Consider this, telling Dinesh (my batch-mate at IIM Kozhikode) about my origins took him to the verge crying (with happiness). Being a movie freak, he always believed that the place is a myth created by the movie industry. He had to touch me (I am exaggerating!) to see if I am for real. And obviously he started treating me with awe & respect from that time onwards.

Here is another one, my IIM interviews (those are the ones I remember as of now) invariably opened with a question or two about the place that I belong to. Being a seasoned interviewee (10 interview calls!), I could chat away for 5-10 minutes saving me the ordeal of describing myself (the dreaded about me questions). You see, being from an unusual place isn’t that bad after all.

Just to wrap things up, I will tell you all what the residents of Telaiya thought (actually I believed in it in my childhood). We (I) thought that the Jhumri Telaiya which is repeatedly mentioned in the movies is actually some place near Mumbai. My grandparent’s Jhumri Telaiya is not the one in consistent lime-light.

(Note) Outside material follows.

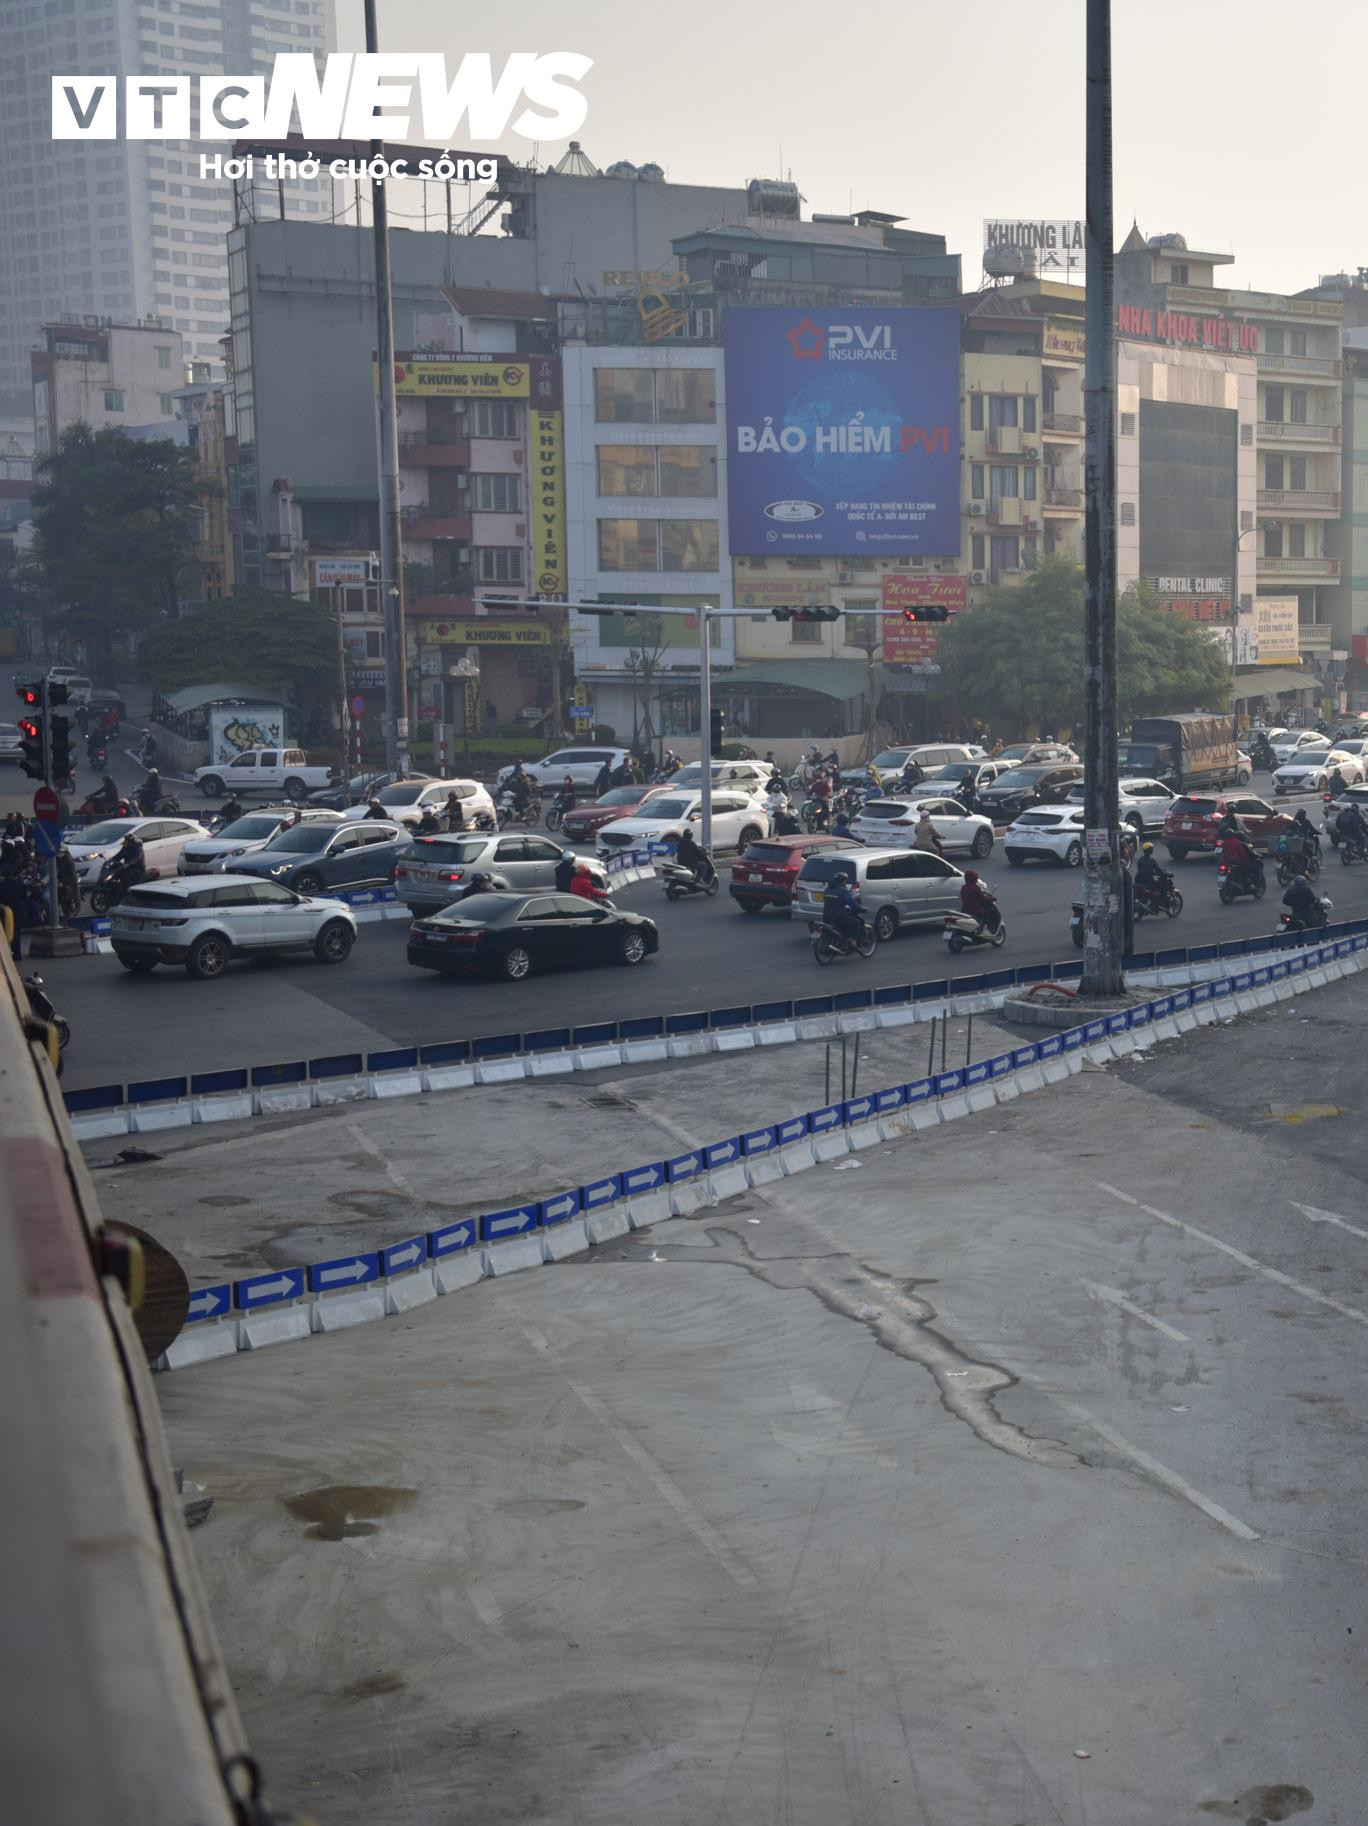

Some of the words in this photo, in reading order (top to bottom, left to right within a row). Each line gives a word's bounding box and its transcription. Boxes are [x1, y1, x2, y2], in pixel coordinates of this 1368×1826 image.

Eye-opener: Jhumri Telaiya is a small town in Jharkhand (erstwhile Bihar). It is also known for Mica (a mineral). Hazaribagh is 60 KM away from Jhumri Telaiya and was a favorite holiday place for Britishers.

An appeal: I commend the efforts that Bollywood has undergone in putting Jhumri Telaiya on world map. But I sincerely request the reputed film-makers, not to use the name only in cheap sounding numbers. If you can, maybe you should try mentioning the place in better lights. Jhumri Telaiya is (seemingly) a myth created by Bollywood, and Bollywood should pay homage.